As ferns unfurl in your garden or along your favorite hiking path this spring, pause for a moment to respect your elders.
Royal ferns have long been seen as living fossils. But researchers have drawn that conclusion by studying today's species. A newly described bit of fossil fern, reported in the current issue of the journal Science, marks the first time researchers can make direct comparisons at the level of individual plant cells and the chromosomes they contain.
It verifies that the genome of royal ferns has remained unchanged for at least the past 180 million years.
The 180-million-year-old specimen – a small underground portion of the stem known as a rhizome – was unearthed from volcanic deposits in southern Sweden near Korsaröd, some 36 miles northeast of the coastal city of Malmo. Its exquisite preservation hints at the possibility that much more remains to be uncovered, including a potential for finding dinosaurs.
"We might have only scratched the surface of a Swedish Jurassic Pompeii," says Stephen McLoughlin, senior curator at the Swedish Museum of Natural History in Stockholm and part of a trio of scientists on the team describing the find.
Royal ferns first emerged in the Southern Hemisphere more than 250 million years ago, researchers say. Fossil specimens dating to 220 million years ago show structural similarities with today's species. In addition, information gleaned from today's plants suggests that their genetic makeup has remained remarkably stable over geologic time.
Using three types of microscopes to analyze the newly described rhizome, Dr. McLoughlin and colleagues Benjamin Bomfluer and Vivi Vajda were able to image cells in a variety of developmental stages, as well as the fossil remains of the gel-like cytoplasm that filled the cells and the chromosomes that emerged in them. Features in the cells are virtually identical to those in living royal ferns, the team found, leading to the conclusion that they have remained evolutionarily dormant for most of their history on Earth.
Preservation at the level of a cell's chromosomes "is extremely rare for the fossil record," he writes in an e-mail.
The discovery is due in no small part to the persistence of Gustav Andersson, a local farmer who came across a piece of fossilized wood in the area in the 1960s and sent it to a geologist at nearby Lund University. A follow-up trip by a science team turned up nothing else, so the geologist washed his hands of the farmer's find, McLoughlin explains in an e-mail. So the farmer dug deeper, found more, and sent the new samples to the Swedish Museum of Natural History.
For a variety of reasons, the samples – including the rhizome the team analyzed – languished there nearly half a century. Six months ago, the trio reporting the results found themselves between projects, knew about the samples of the rhizome, and took the time to analyze them.
Their analysis opened a window on more than just the fern.
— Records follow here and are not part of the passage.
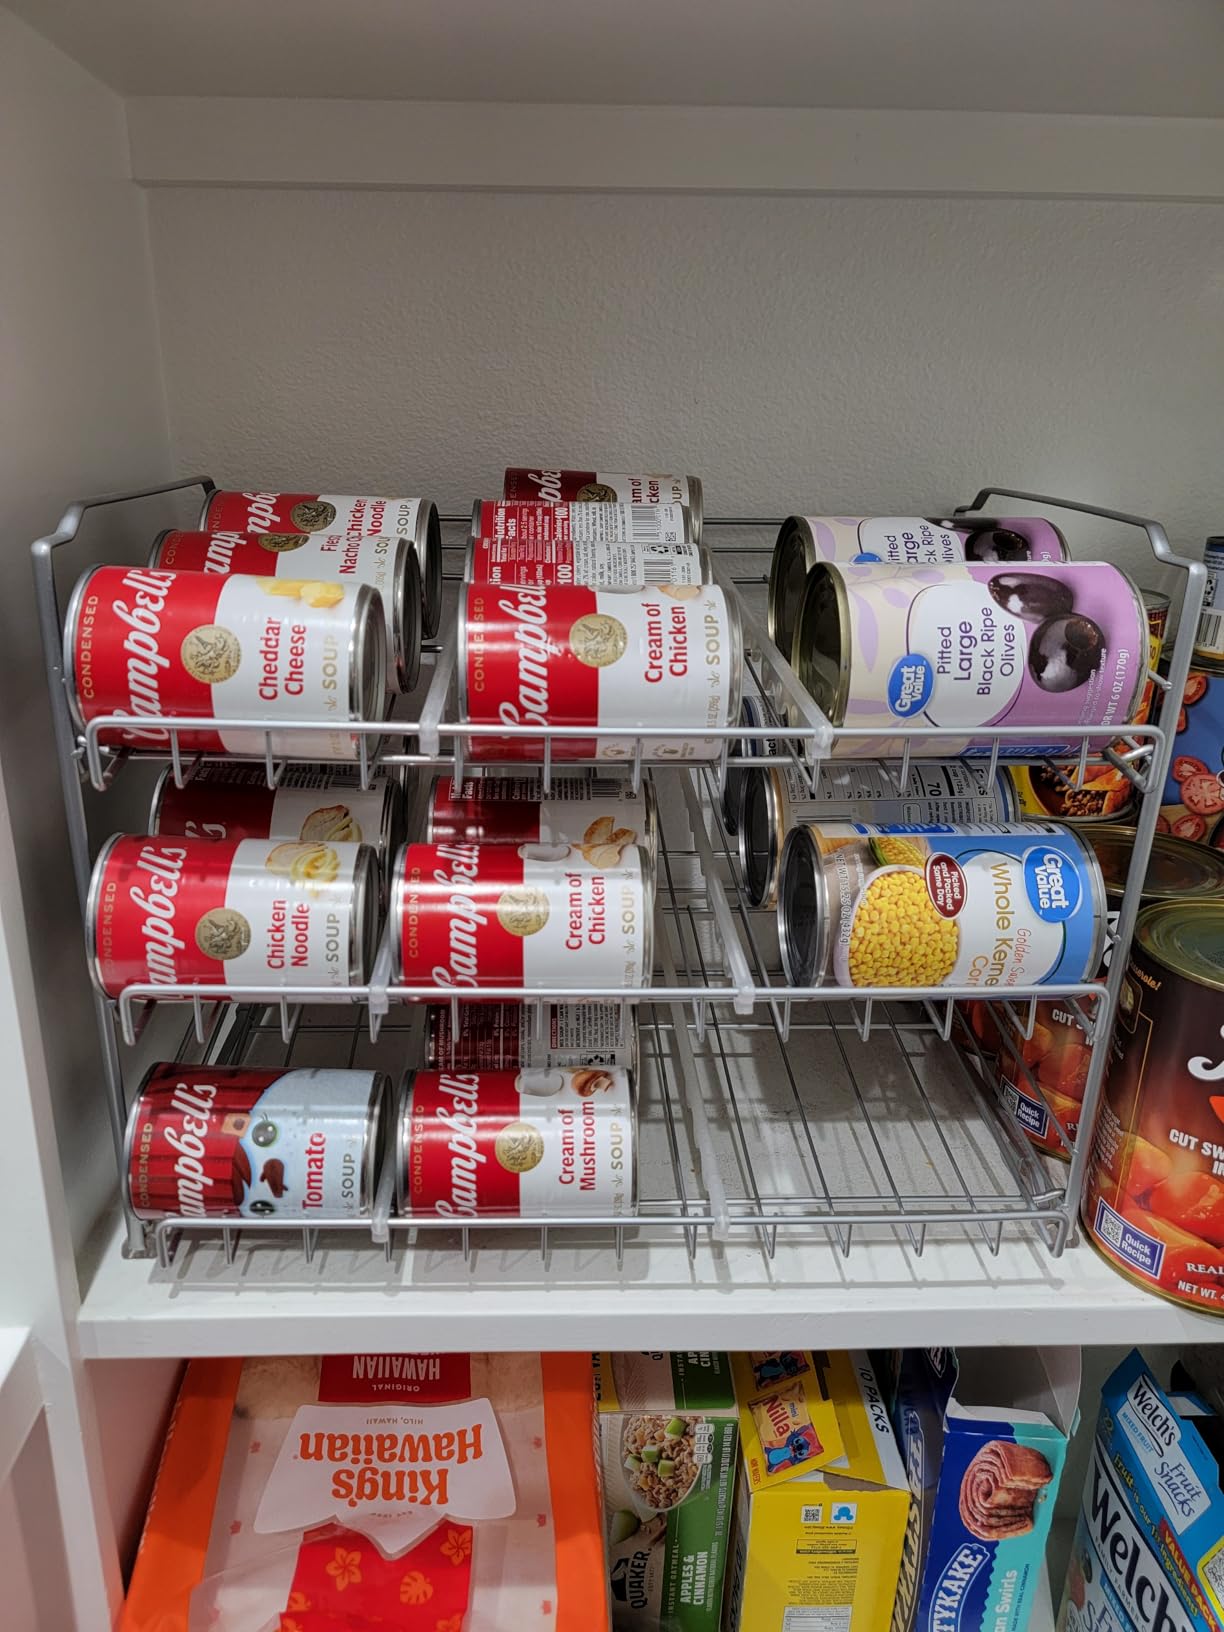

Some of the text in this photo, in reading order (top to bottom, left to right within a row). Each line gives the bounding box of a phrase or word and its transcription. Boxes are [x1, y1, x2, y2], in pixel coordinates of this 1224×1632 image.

[397, 504, 411, 535] SOUP
[555, 507, 568, 518] 100
[919, 525, 935, 546] Ripe
[339, 542, 361, 574] Nacho
[884, 535, 900, 562] itted
[902, 532, 921, 563] arge
[557, 564, 572, 584] 100
[80, 595, 99, 699] CONDENSED
[258, 616, 282, 702] Cheddar
[284, 624, 307, 696] Cheese
[322, 634, 339, 690] SOUP
[641, 602, 663, 684] Cream of
[669, 606, 688, 677] Chicken
[705, 614, 720, 666] SOUP
[936, 626, 953, 674] Pitted
[953, 621, 978, 681] Large
[976, 607, 998, 695] Black Ripe
[1000, 624, 1015, 677] Olives
[911, 665, 926, 701] Value
[1112, 680, 1124, 693] OZ
[1114, 648, 1131, 681] (170g)
[895, 665, 917, 712] Great
[1105, 701, 1118, 715] WT
[766, 738, 776, 756] act
[927, 782, 942, 797] 70
[933, 865, 945, 906] Same Day
[940, 861, 954, 911] and Packed
[950, 871, 962, 900] Picked
[1034, 866, 1051, 909] Value
[1043, 853, 1070, 909] Great
[129, 846, 187, 985] ampbell's
[564, 872, 583, 950] Cream of
[588, 876, 606, 945] Chicken
[621, 888, 635, 935] SOUP
[985, 862, 1015, 986] Whole Kerne
[267, 900, 287, 969] Chicken
[291, 902, 309, 967] Noodle
[325, 913, 339, 962] SOUP
[1016, 928, 1032, 964] Golden
[1052, 1008, 1075, 1026] CUT
[1017, 1108, 1041, 1129] Recipe
[1020, 1102, 1040, 1119] Quick
[164, 1083, 217, 1217] ampbell's
[413, 1105, 425, 1194] CONDENSED
[558, 1108, 575, 1185] Cream of
[580, 1101, 597, 1191] Mushroom
[610, 1122, 623, 1170] SOUP
[1169, 1128, 1199, 1150] CUT
[302, 1133, 327, 1210] Tomato
[342, 1153, 355, 1199] SOUP
[1121, 1240, 1151, 1266] Recipe
[1125, 1233, 1151, 1255] Quick
[1178, 1279, 1218, 1300] NET WT.
[352, 1355, 441, 1381] HAWAIIAN
[371, 1383, 420, 1393] ORIGINAL
[365, 1415, 424, 1425] HILO, HAWAII
[762, 1394, 791, 1437] Nilla
[789, 1402, 799, 1418] mini
[858, 1367, 889, 1434] 10 PACKS
[1133, 1381, 1176, 1447] Welch's
[299, 1423, 483, 1466] Hawaiian
[1121, 1412, 1153, 1454] MIXED FRUIT
[331, 1466, 449, 1508] King's
[1113, 1453, 1134, 1489] Fruit
[1139, 1506, 1152, 1526] our
[1154, 1461, 1195, 1518] Snacks
[1170, 1462, 1202, 1501] Fruit
[1092, 1456, 1188, 1632] Welch
[629, 1551, 649, 1609] QUAKER
[667, 1543, 680, 1614] INSTANT OATMEAL
[680, 1555, 695, 1603] APPLES &
[693, 1551, 708, 1606] CINNAMON
[933, 1548, 983, 1632] TYKAKE
[994, 1569, 1018, 1614] Swirls
[1164, 1529, 1218, 1632] VALUE PACK
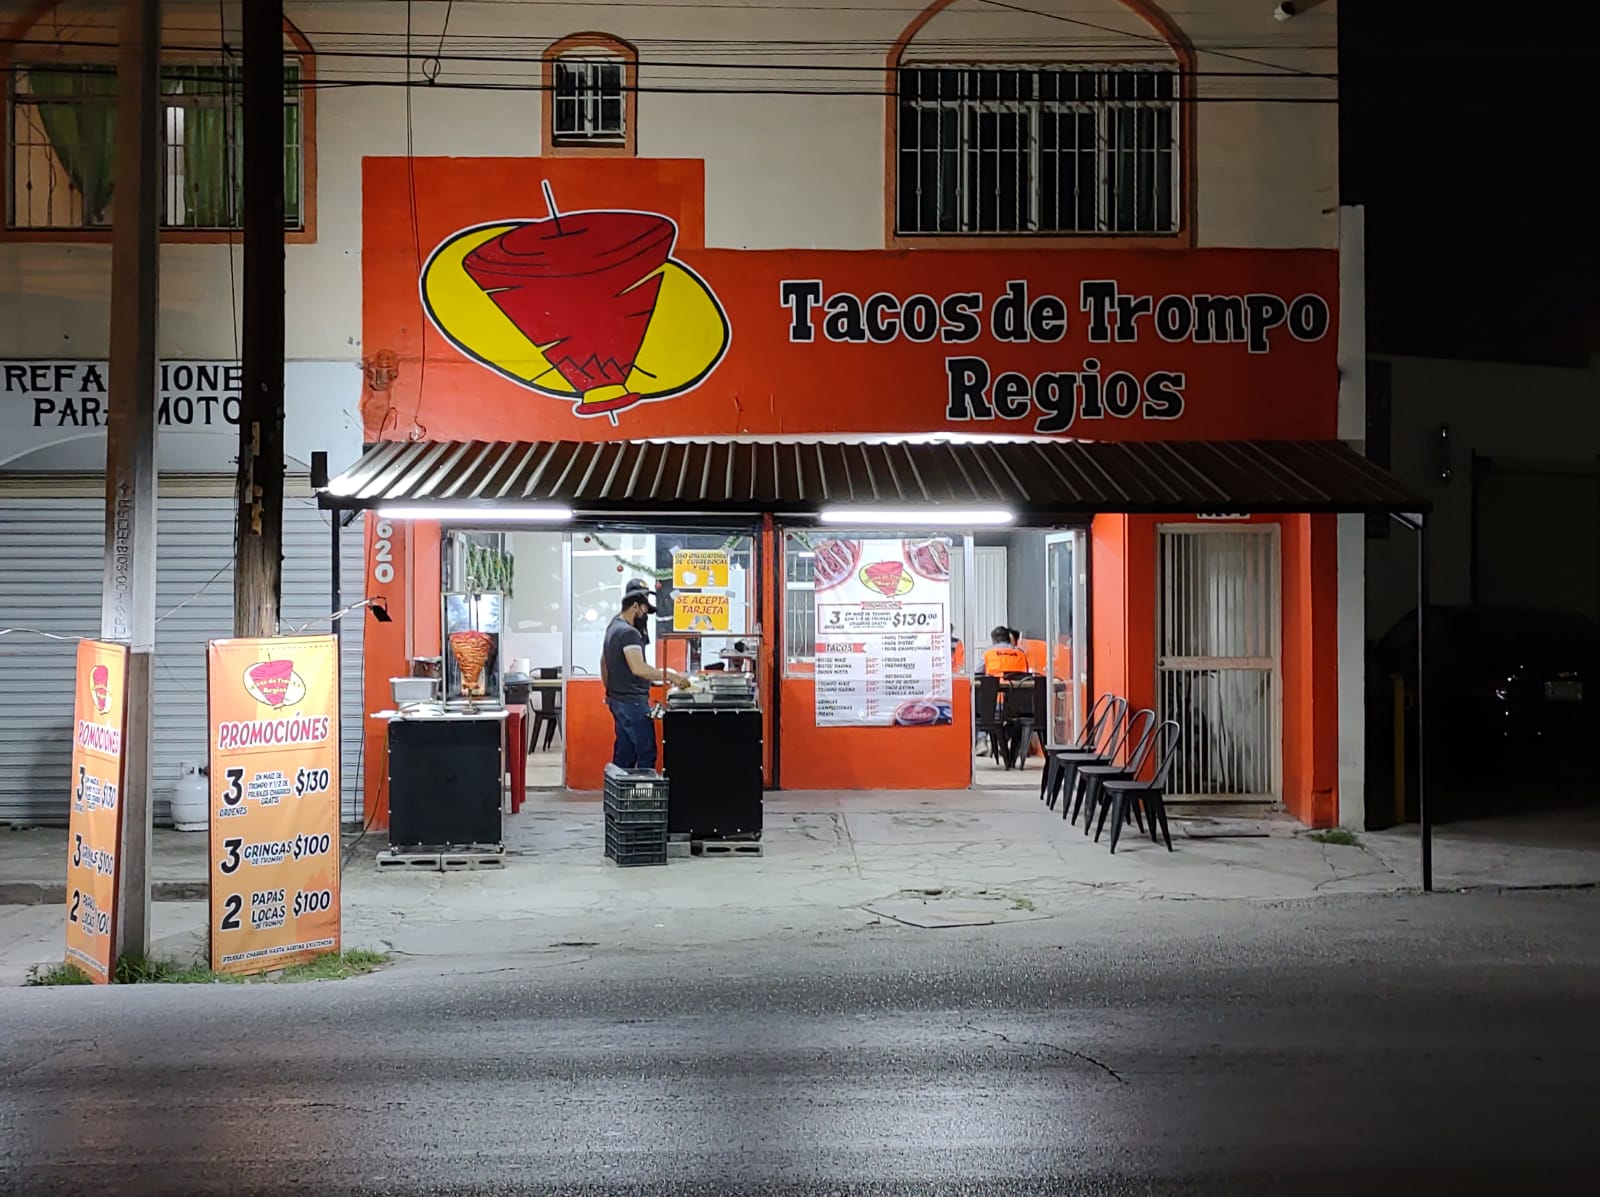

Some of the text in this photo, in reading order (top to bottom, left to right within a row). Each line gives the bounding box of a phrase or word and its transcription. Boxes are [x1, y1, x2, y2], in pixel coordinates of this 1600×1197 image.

[780, 279, 1330, 354] Tacos de Trompo
[944, 356, 1186, 433] Regios
[33, 397, 109, 427] PAR
[374, 519, 395, 584] 620
[676, 595, 729, 605] SE ACEPTA
[682, 605, 723, 615] TARJETA
[829, 610, 841, 625] 3
[826, 643, 853, 654] TACOS
[77, 766, 86, 801] 3
[223, 768, 329, 806] 3 $130
[73, 834, 82, 866] 3
[220, 834, 330, 874] 3 GRINGAS $100
[70, 889, 80, 922] 2
[221, 889, 330, 930] 2 PAPAS $100
[251, 905, 286, 924] LOCAS
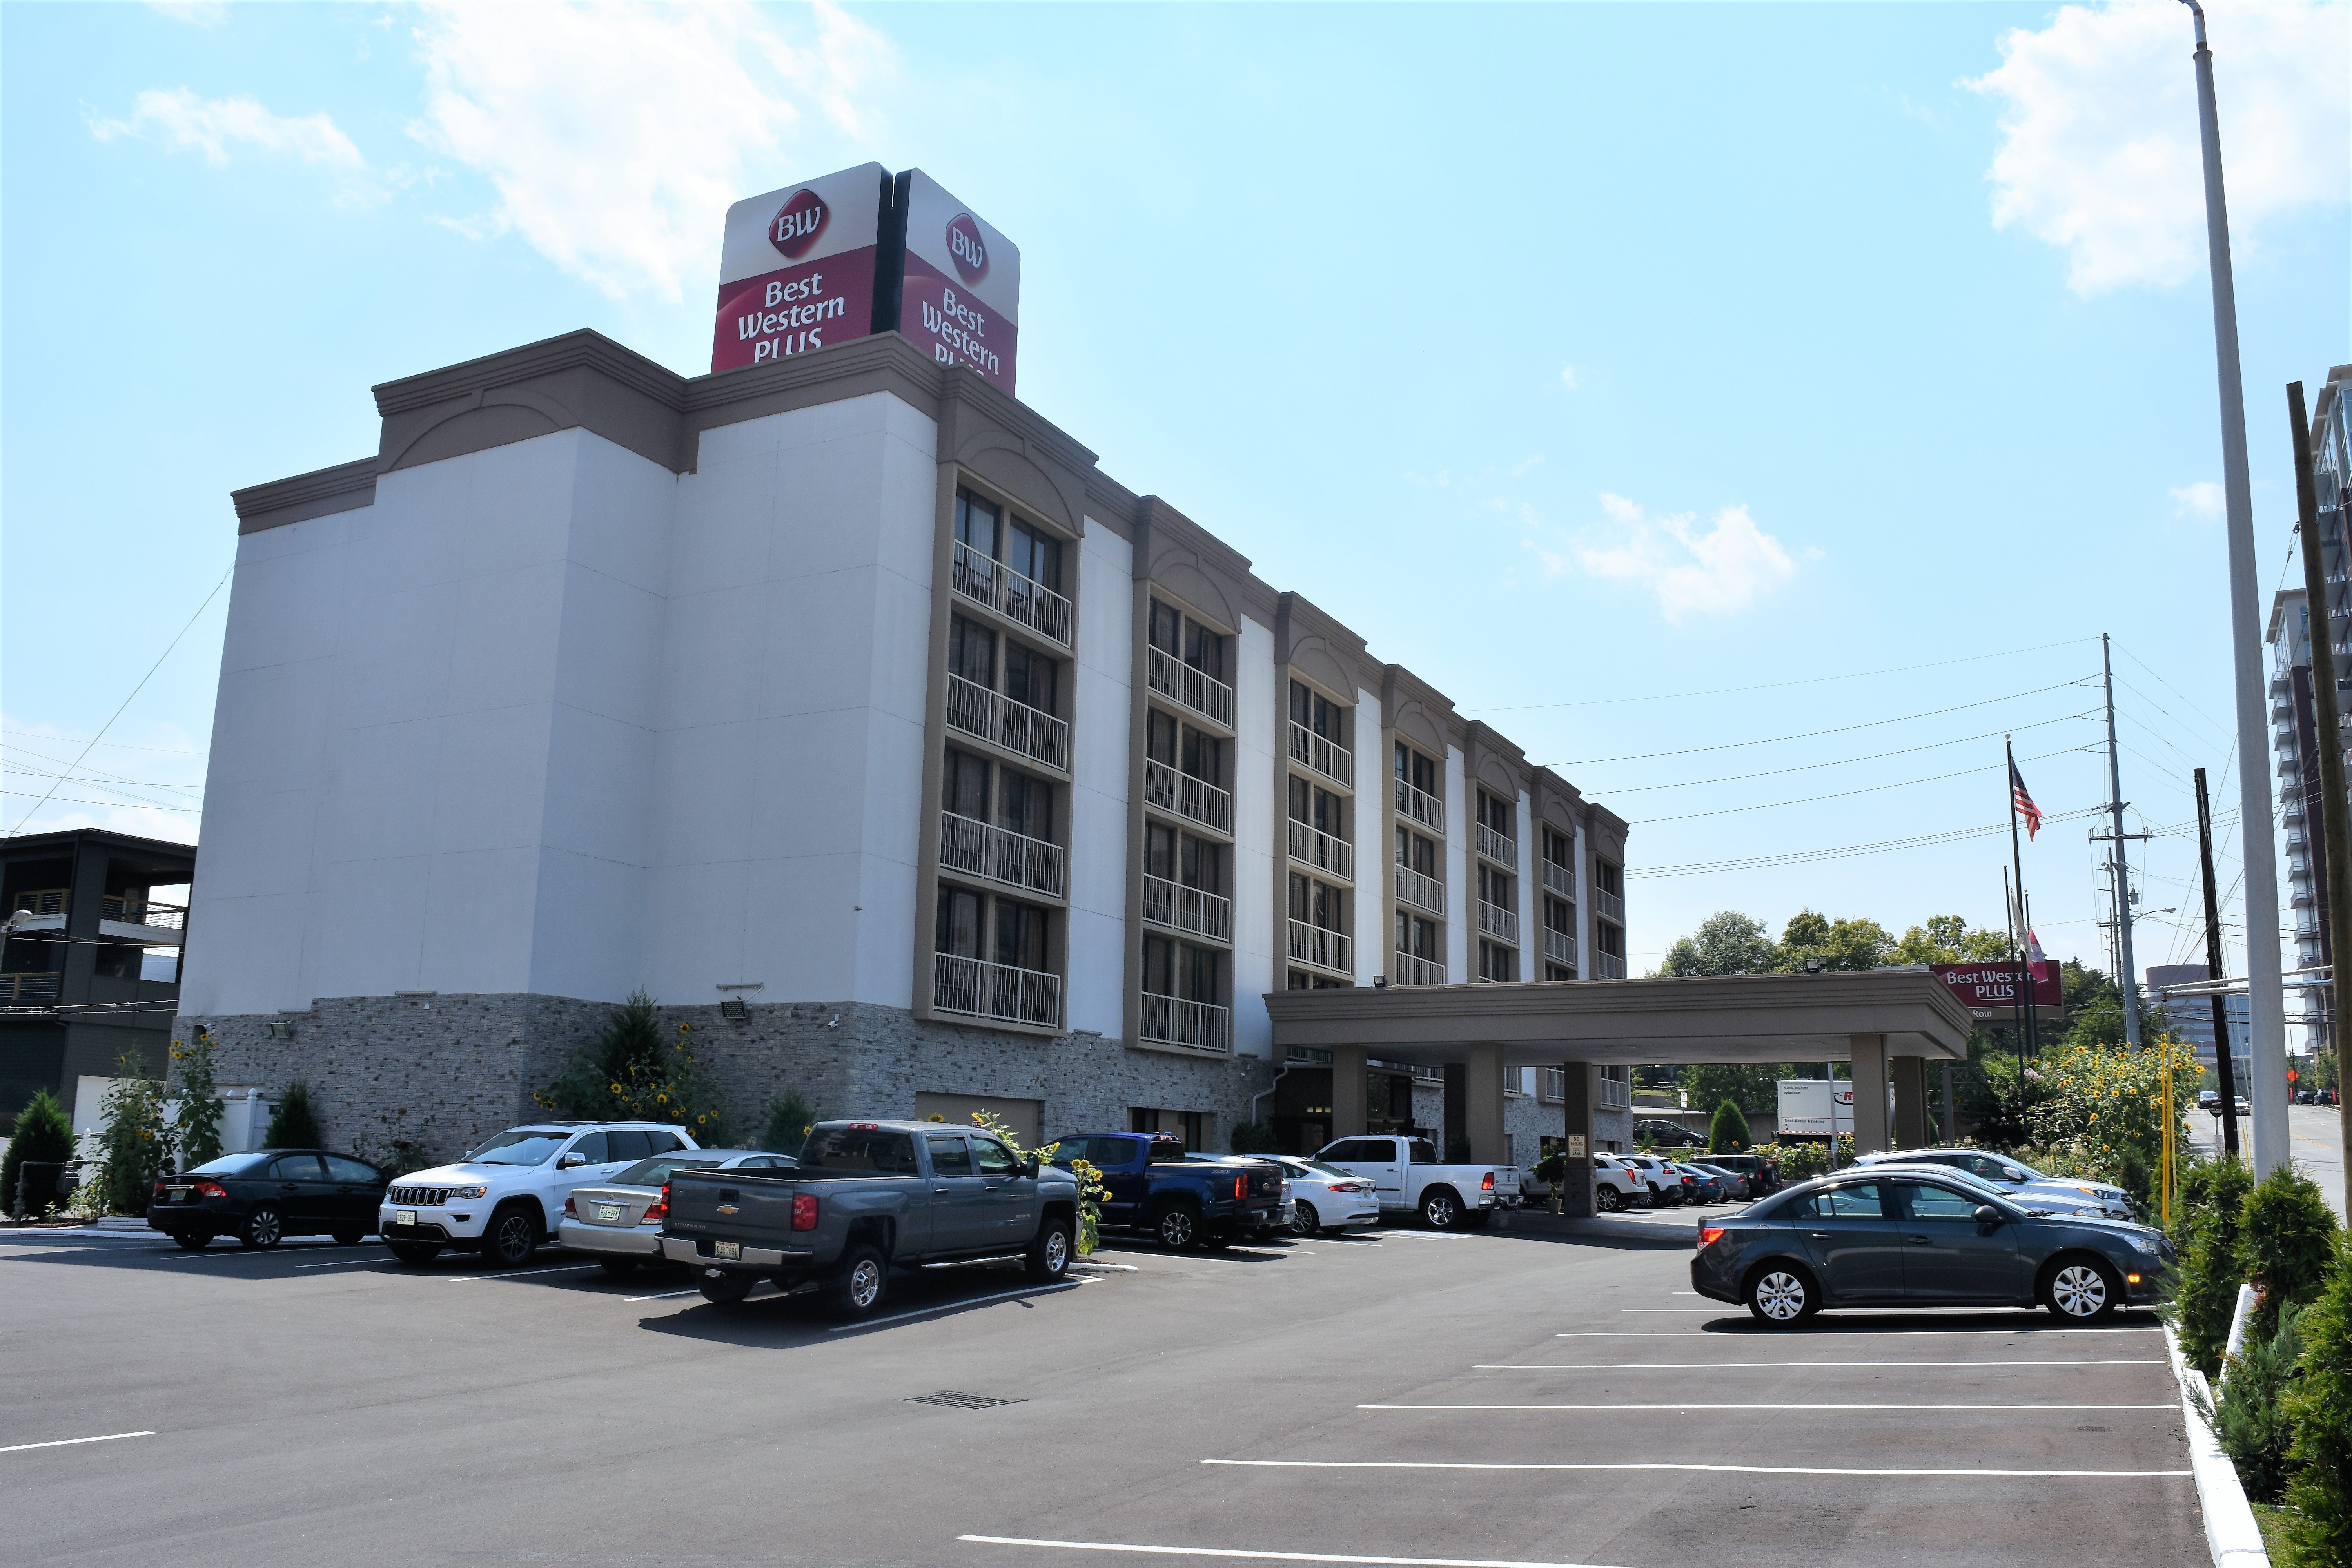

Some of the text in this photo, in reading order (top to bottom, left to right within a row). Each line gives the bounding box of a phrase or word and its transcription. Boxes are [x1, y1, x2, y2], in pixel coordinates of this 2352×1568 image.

Among their other attractions, the samples bear evidence of interactions with fungi and insects – bits of evidence "that help us to reconstruct the Jurassic ecology of the area," McLoughlin says.
The approach the team used for studying the samples also may pave the way for a new branch of paleoscience – the study of ancient cells, McLoughlin adds in an e-mail. The museum has in its collection a variety of three-dimensional plant and animal fossils to which the team hopes to apply the multi-microscope approach it used on the fern rhizome.
For instance, it should be able to recover information about the reproductive structures of extinct plants, including the architecture of seeds, he writes, adding that this "will greatly aid our understanding of the placement of these ancient plants in an evolutionary context."